Regardless of how rare such price tags are for public housing flats and whether cooling measures work, political observers caution that there is a perception among some Singaporeans that public housing has become unaffordable, which could influence vote patterns in Singapore’s next general election. The election must be held by November 2025.

Sociologist Tan Ern Ser from National University of Singapore noted that public housing affordability came across as part of a bucket of symptoms of higher prices and “bread-and-butter issues remain important practically in all elections”.

Law professor and political observer Eugene Tan said the record-breaking flat did not pose a political problem in itself for the government but added to the perception that “Singapore has entered an inexorable path of being an expensive society such that even public goods have become costly”.
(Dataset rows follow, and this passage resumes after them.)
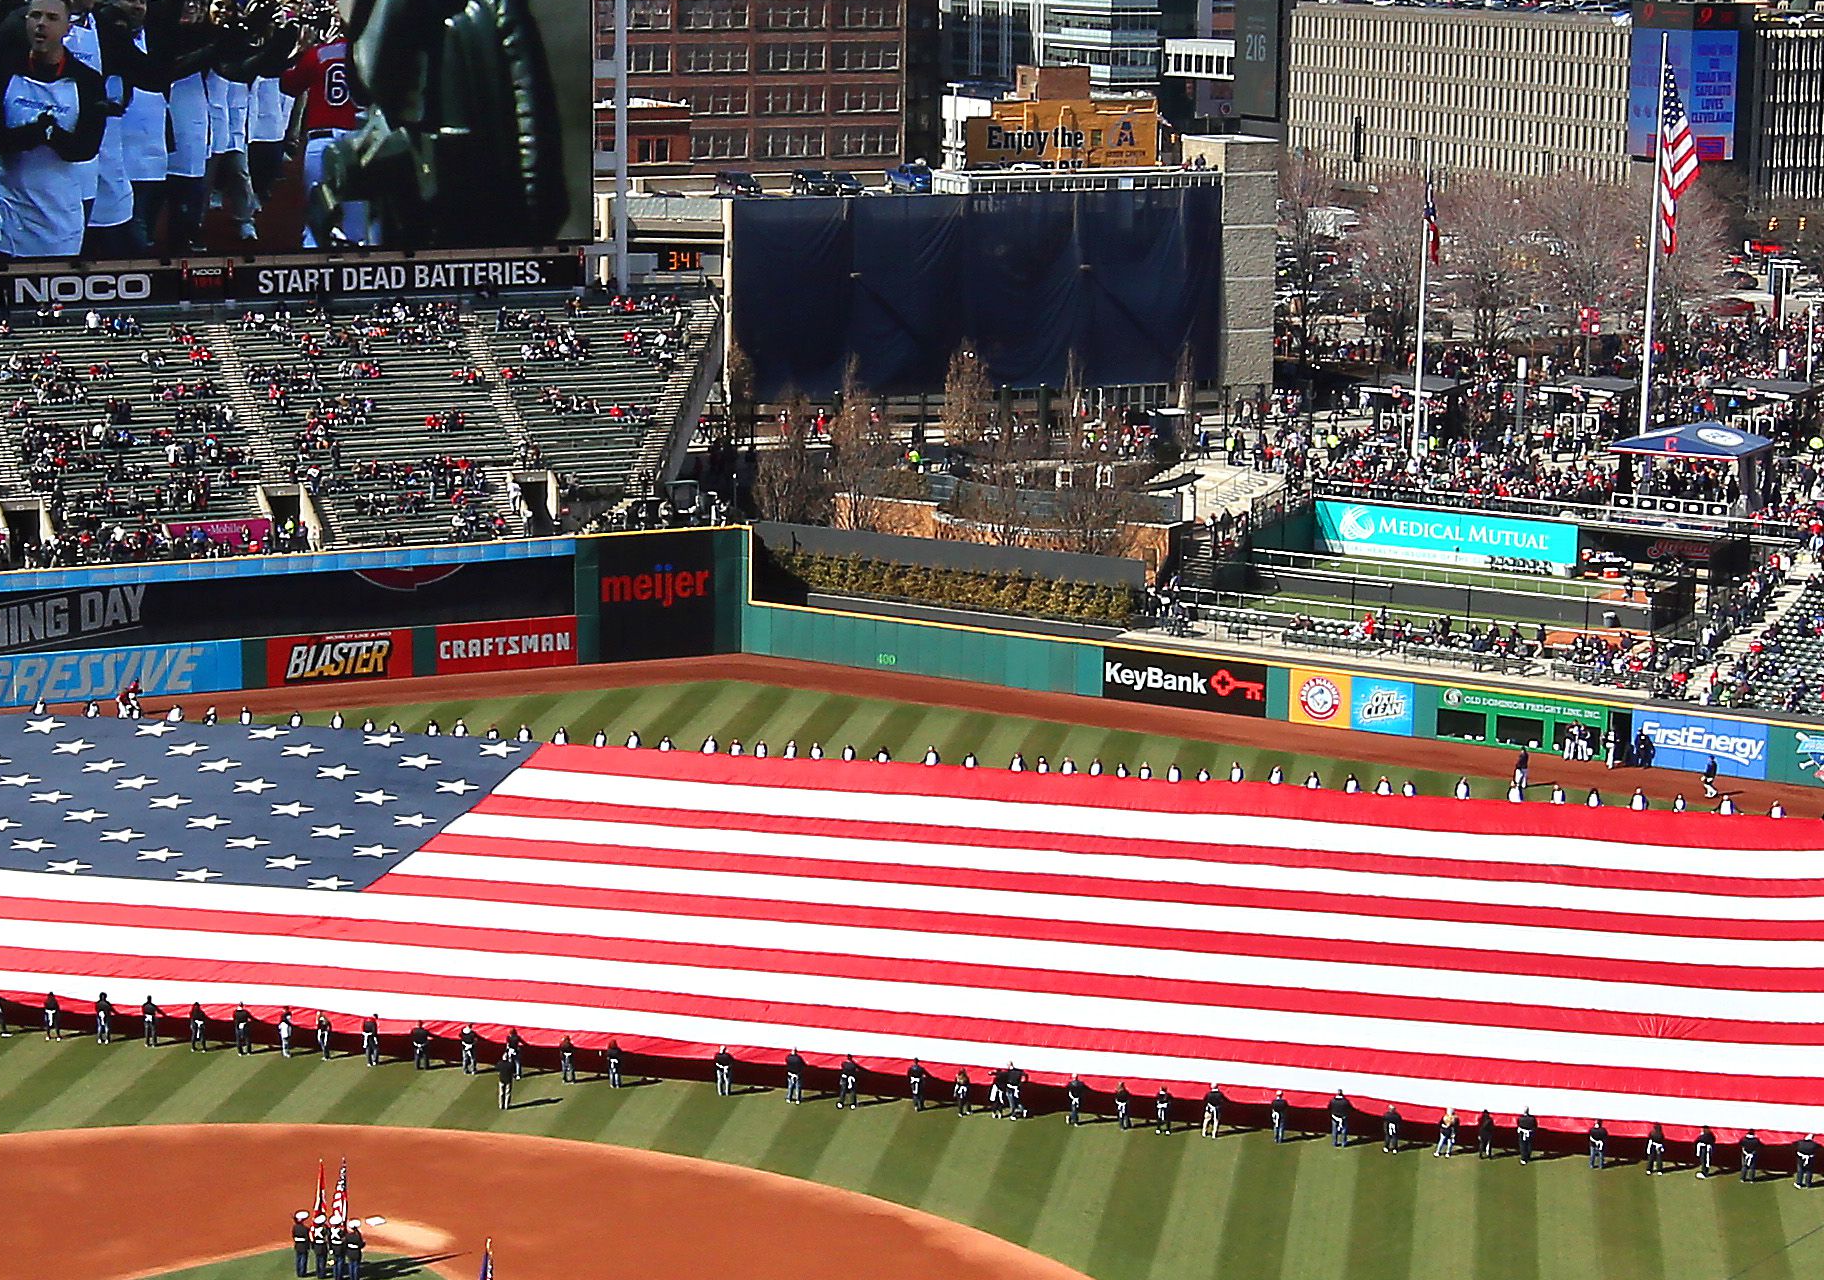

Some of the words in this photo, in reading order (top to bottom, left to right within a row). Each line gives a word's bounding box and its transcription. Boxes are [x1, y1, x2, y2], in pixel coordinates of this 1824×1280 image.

[1245, 33, 1266, 62] 216
[986, 124, 1049, 156] Enjoy
[1052, 125, 1084, 148] the
[191, 267, 222, 277] NOCO
[258, 268, 334, 295] START
[341, 265, 408, 292] DEAD
[414, 260, 549, 289] BATTERIES.
[14, 273, 151, 305] NOCO
[1378, 517, 1464, 542] MEDICAL
[1468, 525, 1549, 551] MUTUAL
[601, 564, 712, 608] meijer
[80, 585, 146, 632] DAY
[286, 640, 390, 680] BLASTER
[440, 632, 571, 660] CRAFTSMAN
[1105, 662, 1207, 696] KeyBank
[1363, 703, 1403, 718] CLEAN
[1371, 691, 1395, 706] OXI
[1464, 695, 1481, 705] OLD
[1482, 697, 1525, 709] DOMINION
[1526, 701, 1562, 713] FREIGHT
[1642, 721, 1764, 763] FirstEnergy
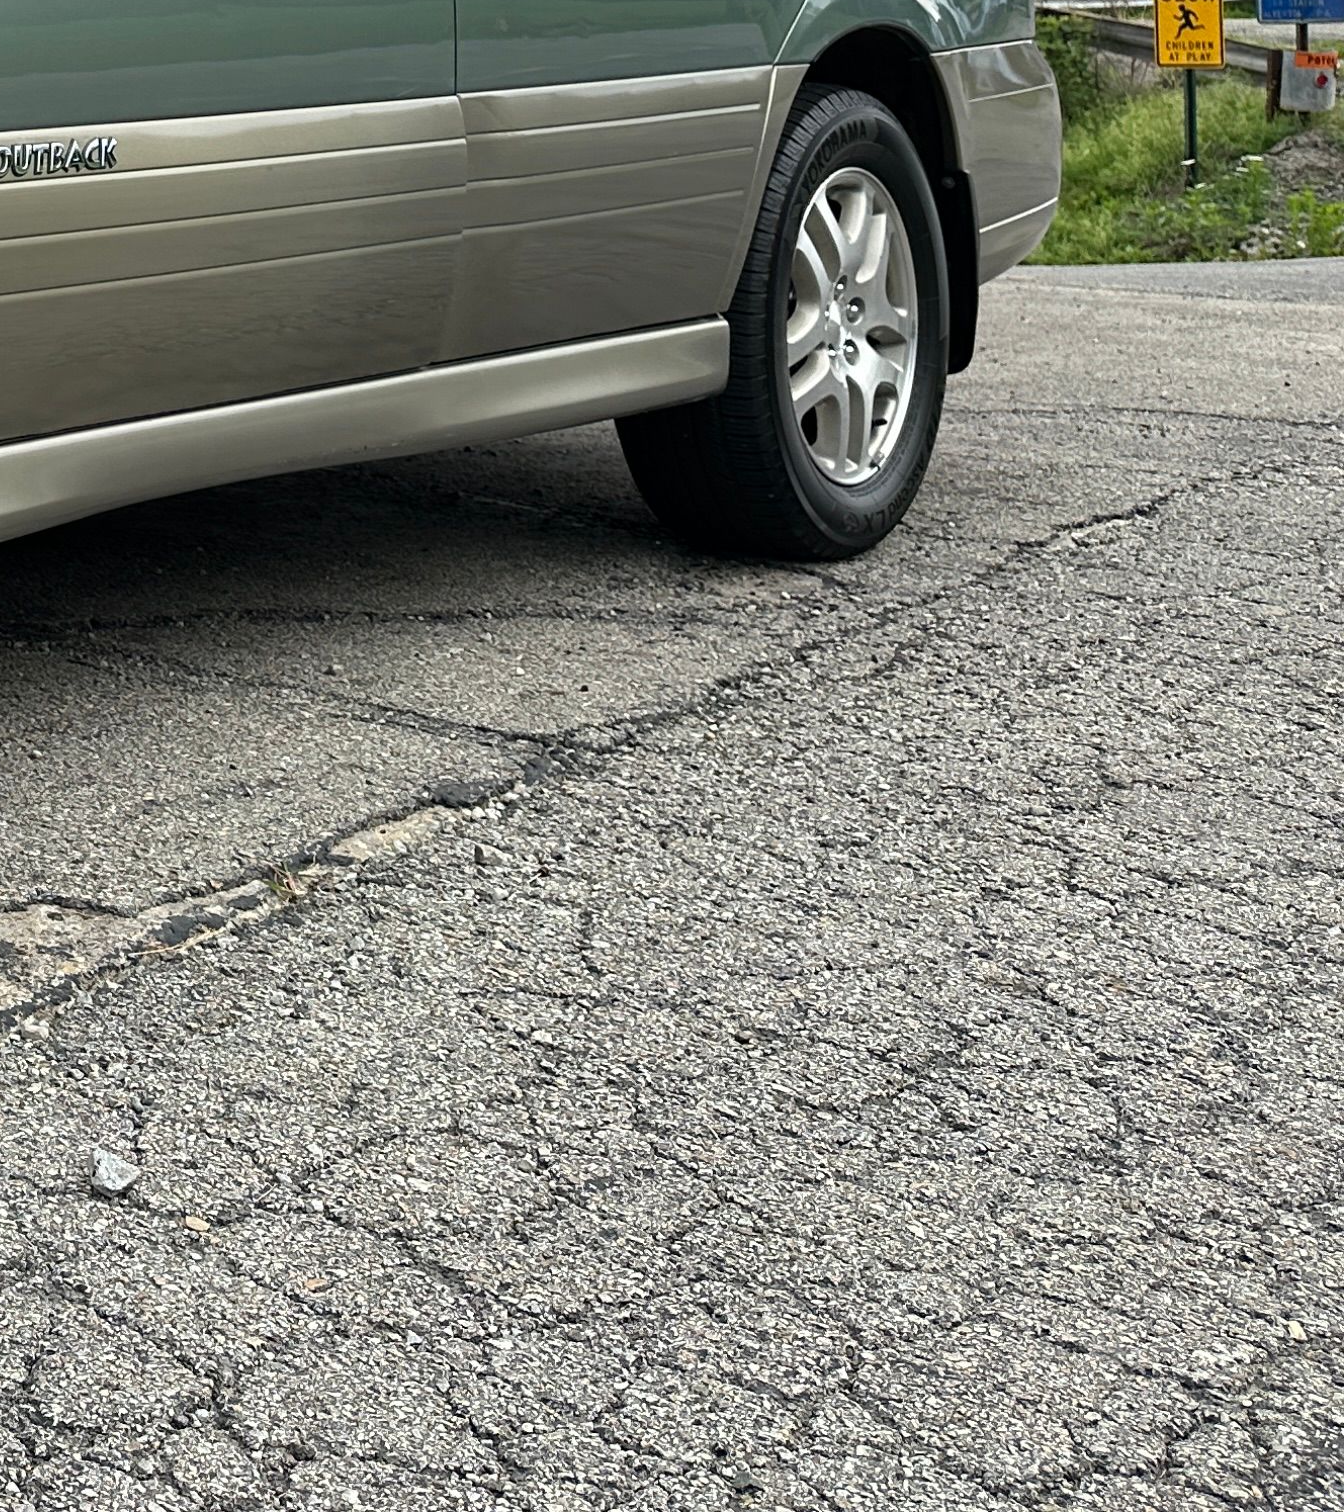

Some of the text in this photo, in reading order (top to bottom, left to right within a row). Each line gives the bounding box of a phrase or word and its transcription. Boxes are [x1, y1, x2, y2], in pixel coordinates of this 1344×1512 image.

[1166, 40, 1214, 50] CHILDREN
[1169, 52, 1211, 61] AT PLAY
The experts also point out that the S$1.73 million flat raises the conundrum plaguing policymakers in Singapore – are HDB flats meant to be public goods or appreciating assets?

“While these two purposes need not be mutually exclusive, they appear to be increasingly at odds in the minds of Singaporeans,” said SMU’s Tan.

Emeritus Professor at National University of Singapore Chua Beng Huat said: “It is clear that when public housing became a commodity rather than a welfare good, since the mid-1970s, it was only a matter of time that the government would lose control of resale prices to the market.

“All measures taken to soften the market are remedial rather than corrective.”

NUS’s Tan said: “We can’t turn back to using a social housing model, and if we did we would likely face a different set of issues. It’s a Catch-22 for the government, and will always be.”